= Metal-ligand cooperativity =

Metal-ligand cooperativity (MLC) is a mode of reactivity in which a metal and ligand of a complex are both involved in the bond breaking or bond formation of a substrate during the course of a reaction. This ligand is an actor ligand rather than a spectator, and the reaction is generally only deemed to contain MLC if the actor ligand is doing more than leaving to provide an open coordination site. MLC is also referred to as "metal-ligand bifunctional catalysis." Note that MLC is not to be confused with cooperative binding.

The earliest reported metal-ligand cooperativity was from the Fujiwara group in the 1950s, in which they reported formation of stilbene from styrene and arenes using a palladium chloride catalyst. Shvo's catalyst was developed for one of the earliest uses of ketone hydrogenation by an outer-sphere mechanism. Noyori has developed many chiral catalysts for asymmetric hydrogenation. Transfer hydrogenation, one of the most commonly used applications of MLC, is employed broadly in industry for large scale Noyori-type reductions.

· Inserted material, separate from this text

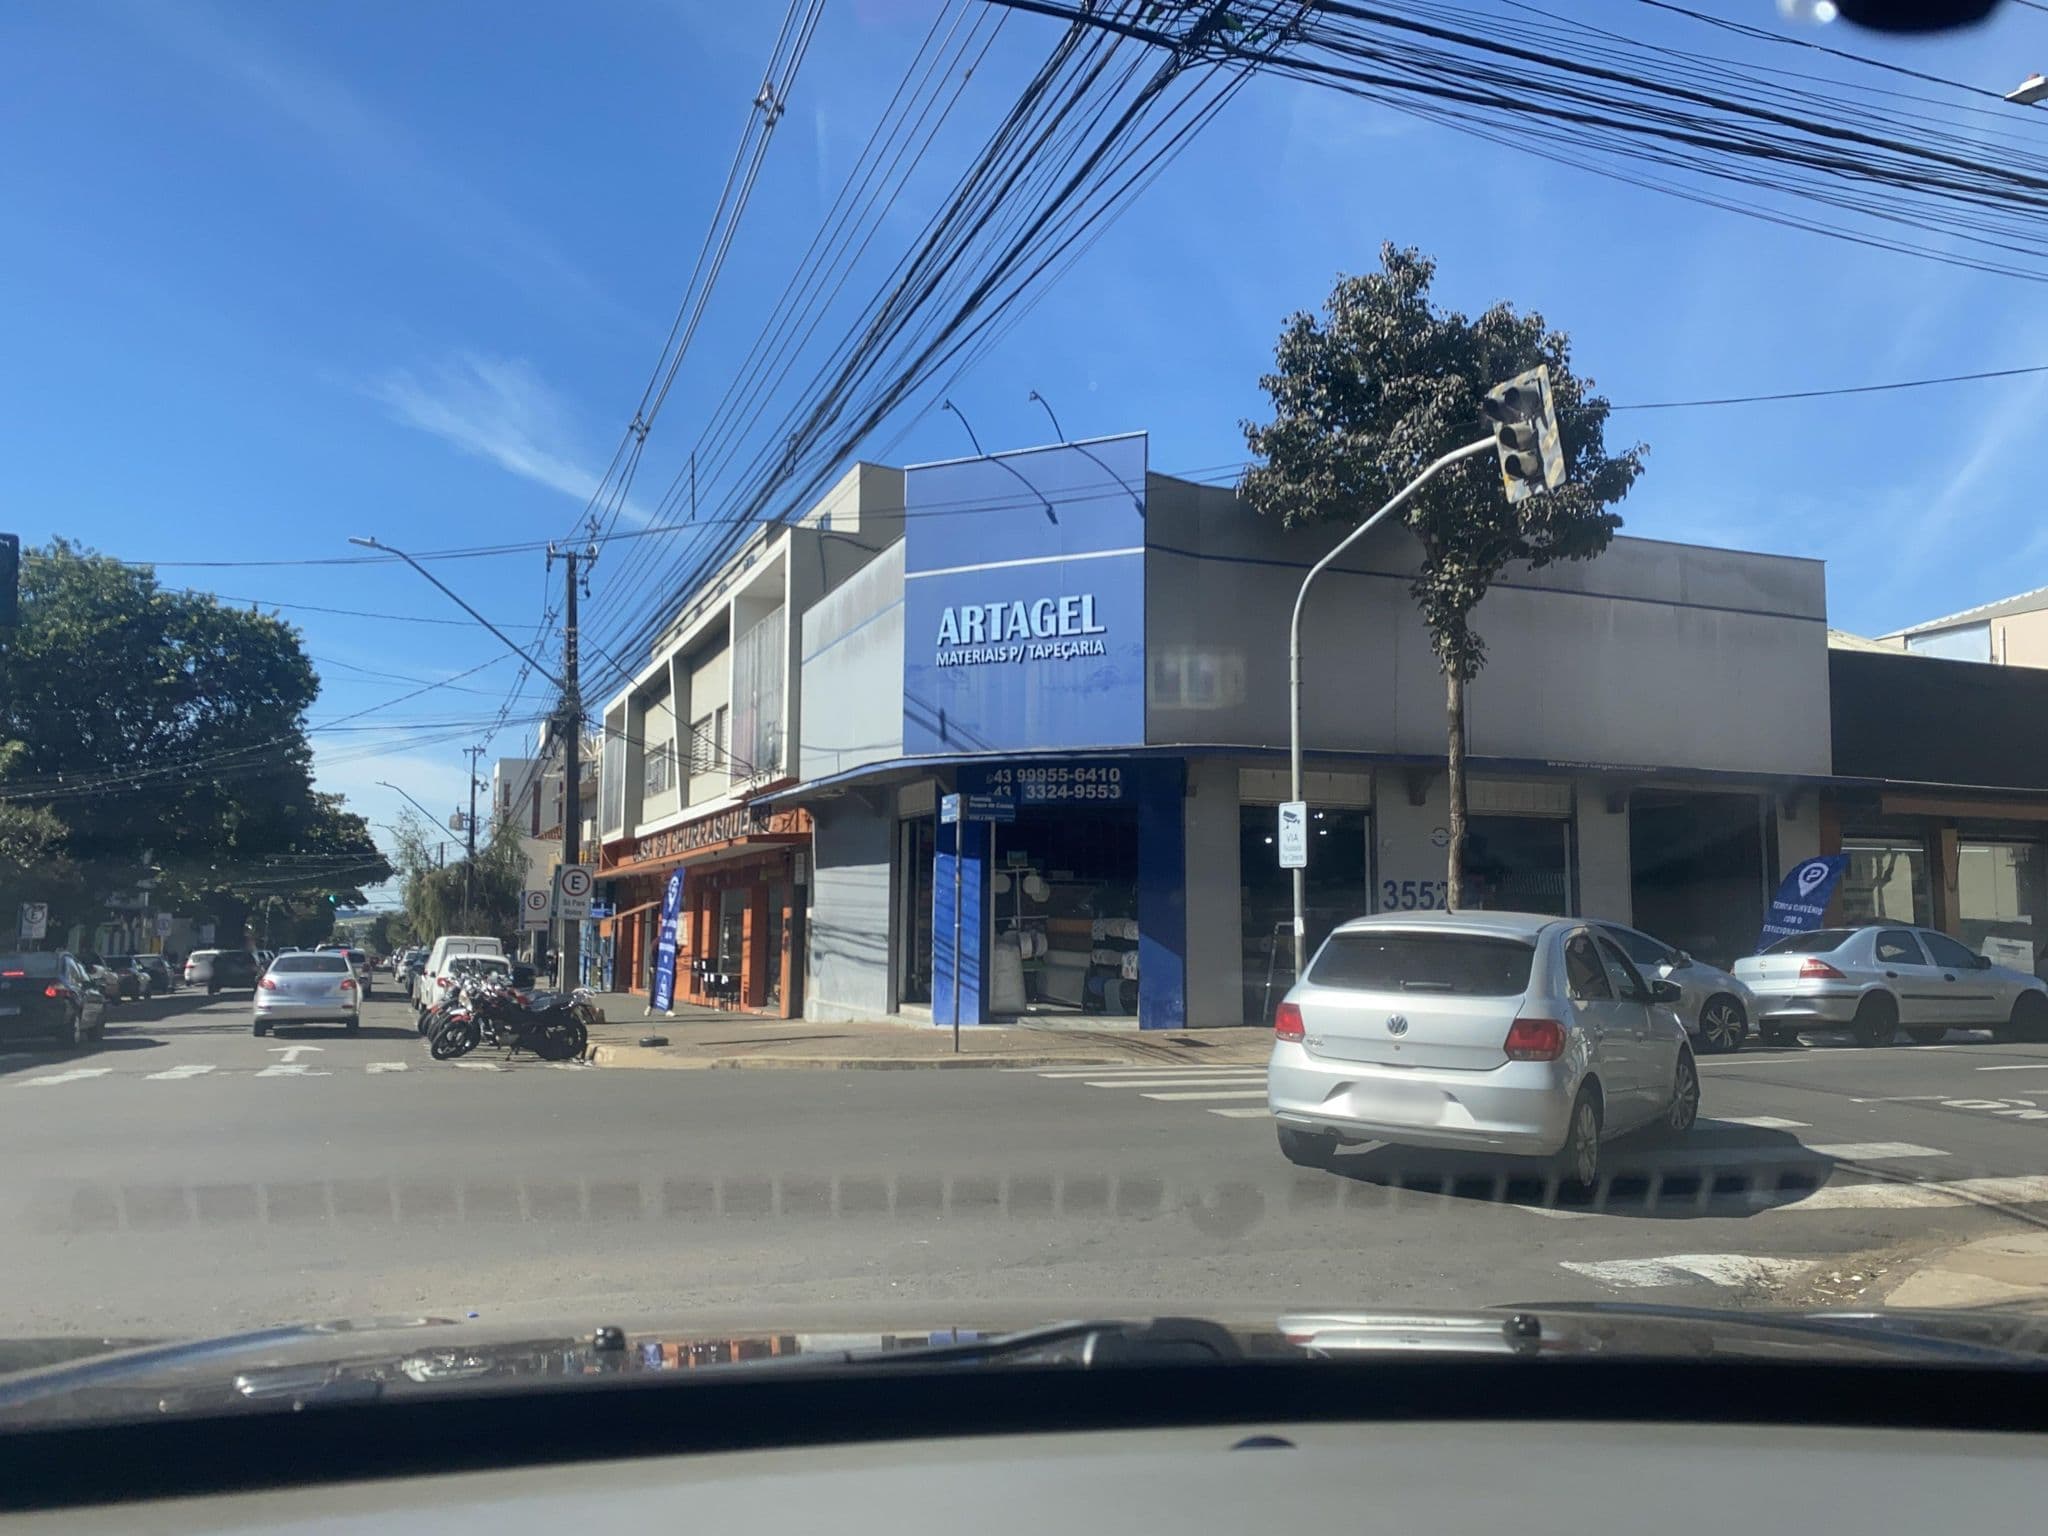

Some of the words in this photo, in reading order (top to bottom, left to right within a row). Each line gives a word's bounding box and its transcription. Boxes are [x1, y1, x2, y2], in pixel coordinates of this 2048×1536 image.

== Modes of Metal-Ligand Cooperativity ==
There are a variety of modes in which this cooperativity has been demonstrated. Four primary modes are generally accepted under MLC: the ligand can (1) act with Lewis acidity, (2) act with Lewis basicity, (3) play a role in aromatization and dearomatization, or (4) be redox non-innocent.

The ligand can act as a Lewis acid and accept electrons from an incoming substrate as it binds to the metal, as in employed in dehydrogenation catalysis. Conversely, the ligand can be Lewis basic and bind the substrate; this Lewis basicity is most frequently seen in hydrogenation catalysis.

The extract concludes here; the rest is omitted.